**Activity:** Copy nothing but the text: repeat each entry exactly and drop the images.

Data for analysis Block Start

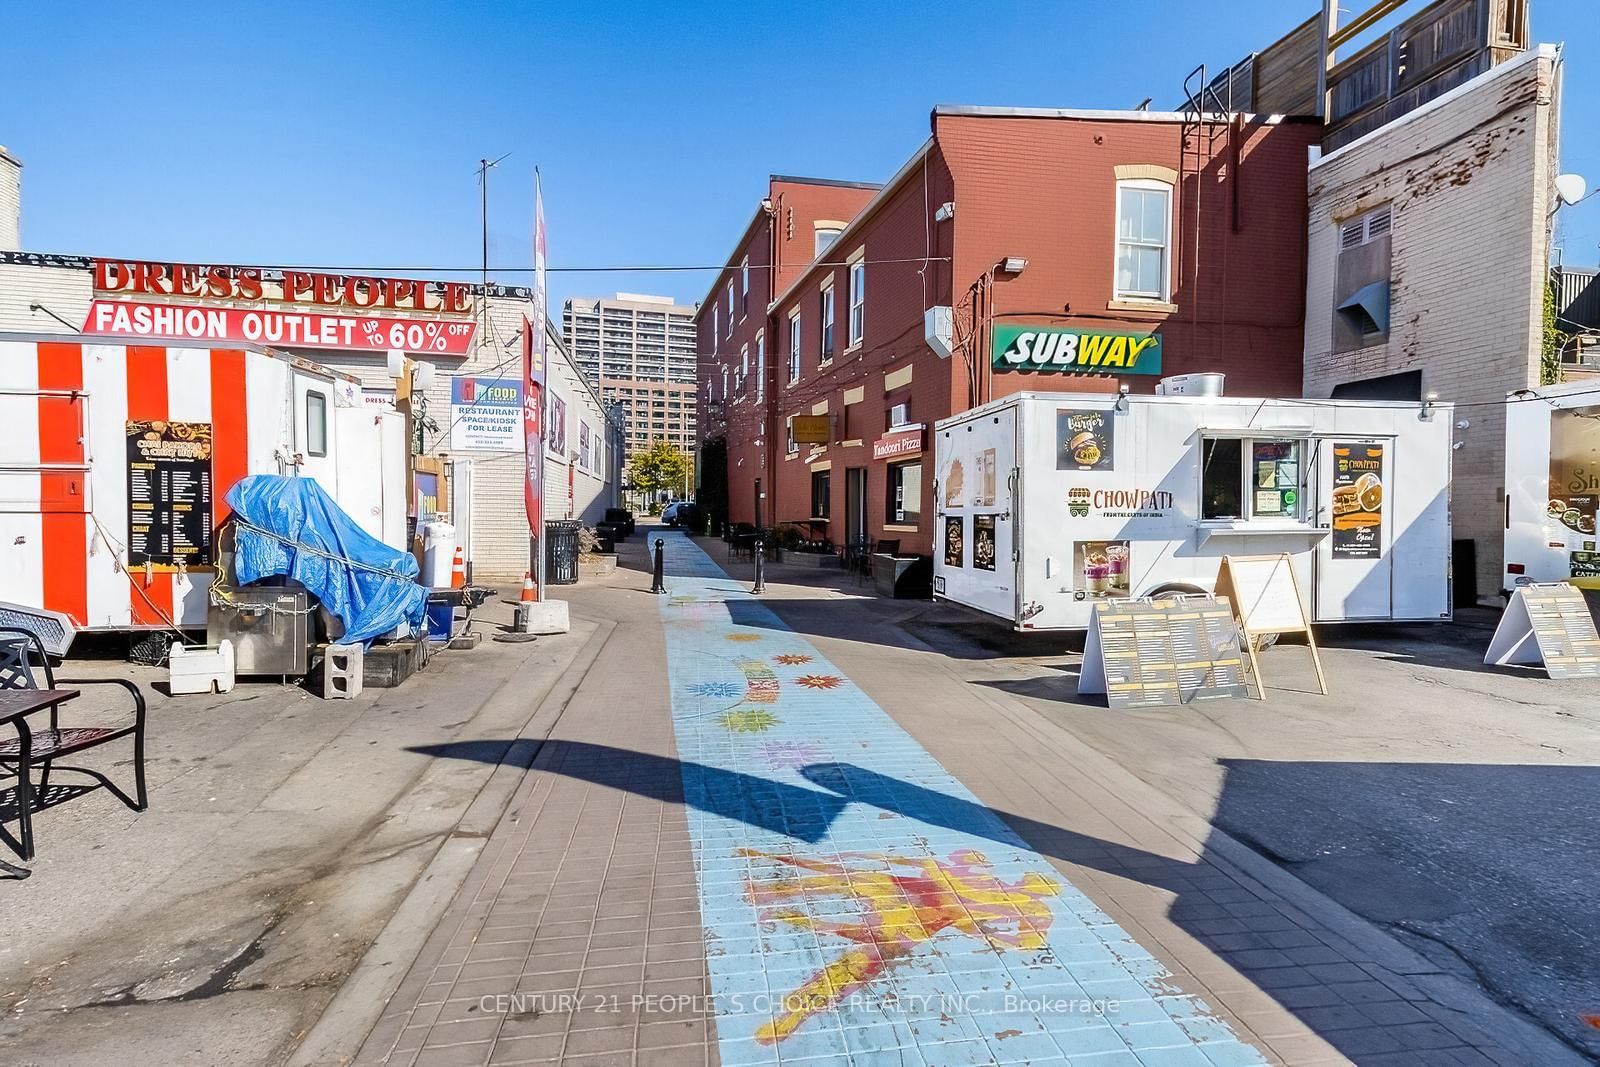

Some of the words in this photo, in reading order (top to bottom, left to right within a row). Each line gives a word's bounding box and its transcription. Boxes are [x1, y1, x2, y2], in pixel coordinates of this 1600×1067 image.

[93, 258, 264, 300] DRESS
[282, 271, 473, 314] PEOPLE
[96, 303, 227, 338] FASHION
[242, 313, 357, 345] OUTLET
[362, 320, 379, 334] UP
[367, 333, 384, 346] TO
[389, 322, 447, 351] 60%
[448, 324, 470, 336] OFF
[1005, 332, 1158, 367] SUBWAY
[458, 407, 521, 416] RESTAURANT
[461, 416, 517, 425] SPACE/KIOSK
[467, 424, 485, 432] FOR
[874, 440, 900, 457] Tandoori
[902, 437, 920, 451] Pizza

Data for analysis Block End

**Solved problem:**
Some of the words in this photo, in reading order (top to bottom, left to right within a row). Each line gives a word's bounding box and its transcription. Boxes are [x1, y1, x2, y2], in pixel coordinates of this 1600×1067 image.

[93, 258, 264, 300] DRESS
[282, 271, 473, 314] PEOPLE
[96, 303, 227, 338] FASHION
[242, 313, 357, 345] OUTLET
[362, 320, 379, 334] UP
[367, 333, 384, 346] TO
[389, 322, 447, 351] 60%
[448, 324, 470, 336] OFF
[1005, 332, 1158, 367] SUBWAY
[458, 407, 521, 416] RESTAURANT
[461, 416, 517, 425] SPACE/KIOSK
[467, 424, 485, 432] FOR
[874, 440, 900, 457] Tandoori
[902, 437, 920, 451] Pizza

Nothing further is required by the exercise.